→ **TASK DETAILS**: Your answer must be the records below repeated word for word, with no pictures in it.
>>>>>
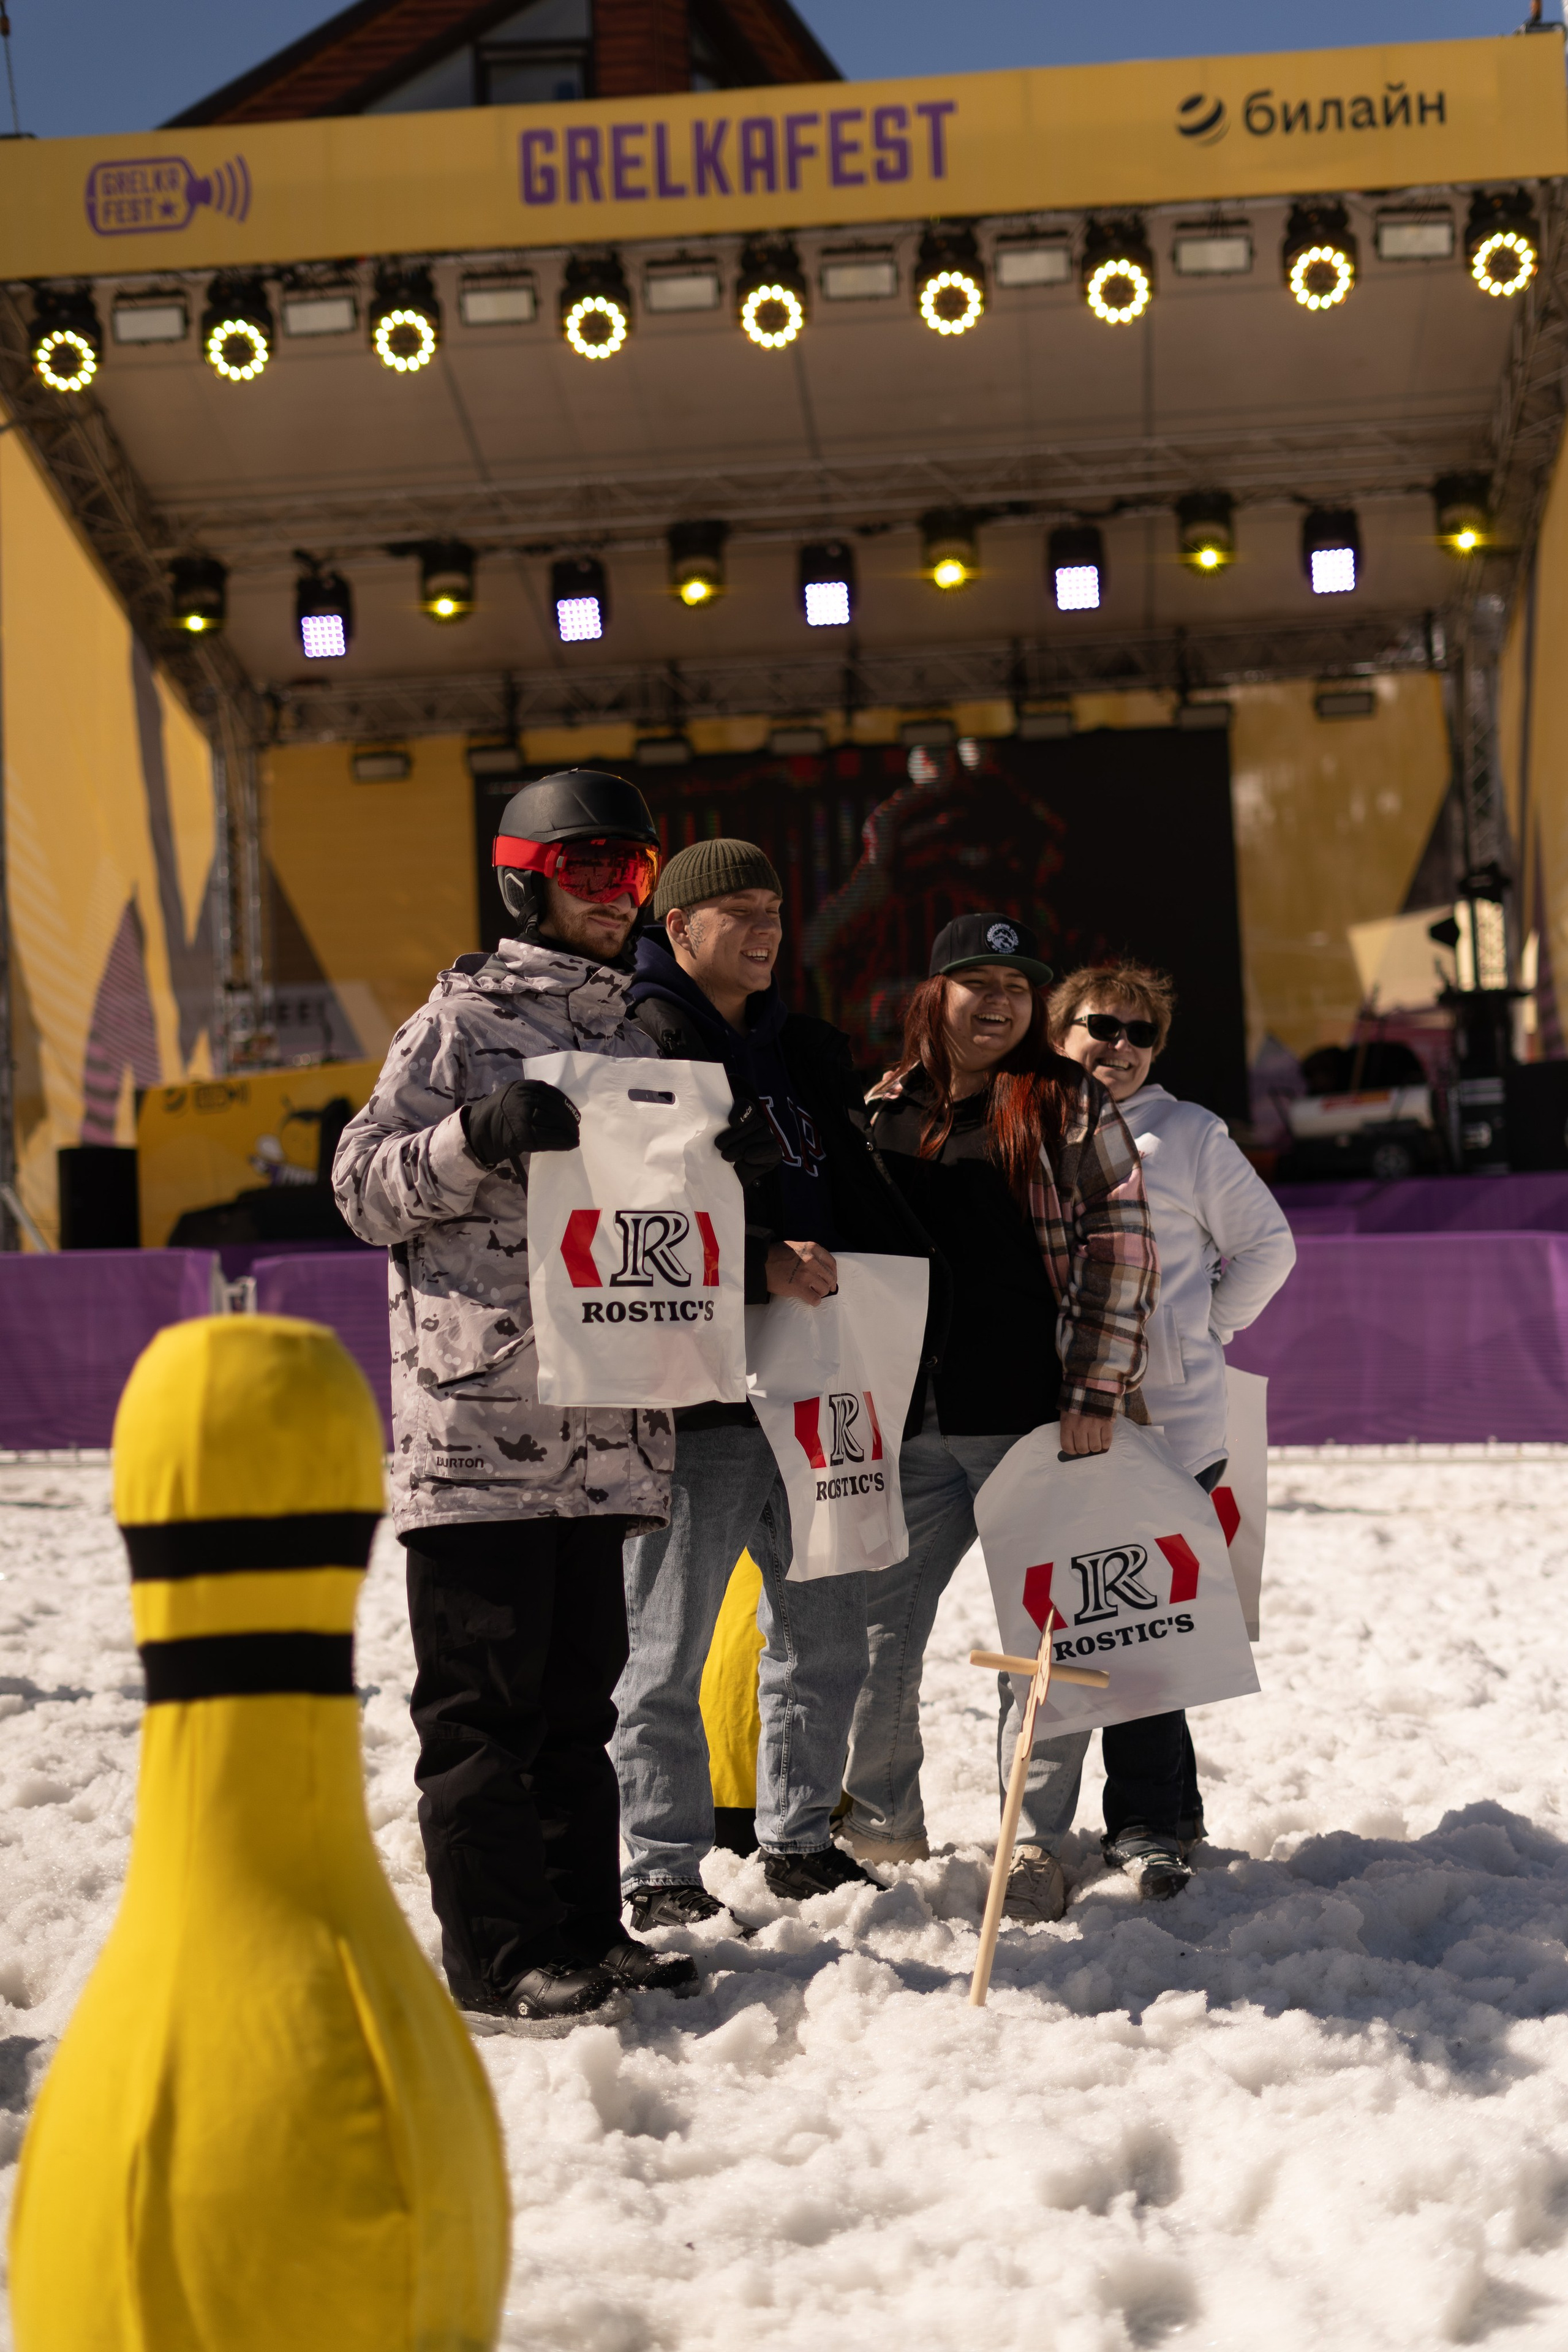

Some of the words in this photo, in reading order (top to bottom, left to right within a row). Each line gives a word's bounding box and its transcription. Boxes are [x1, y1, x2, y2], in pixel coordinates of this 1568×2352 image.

[1243, 81, 1447, 136] билайн
[520, 101, 957, 205] GRELKAFEST
[103, 197, 153, 224] FEST
[582, 1300, 714, 1324] ROSTIC'S
[436, 1456, 484, 1468] BURTON
[816, 1472, 884, 1501] ROSTIC'S
[1053, 1613, 1194, 1661] ROSTIC'S
<<<<<
→ **ANSWER SPACE**:
Some of the words in this photo, in reading order (top to bottom, left to right within a row). Each line gives a word's bounding box and its transcription. Boxes are [x1, y1, x2, y2], in pixel coordinates of this 1568×2352 image.

[1243, 81, 1447, 136] билайн
[520, 101, 957, 205] GRELKAFEST
[103, 197, 153, 224] FEST
[582, 1300, 714, 1324] ROSTIC'S
[436, 1456, 484, 1468] BURTON
[816, 1472, 884, 1501] ROSTIC'S
[1053, 1613, 1194, 1661] ROSTIC'S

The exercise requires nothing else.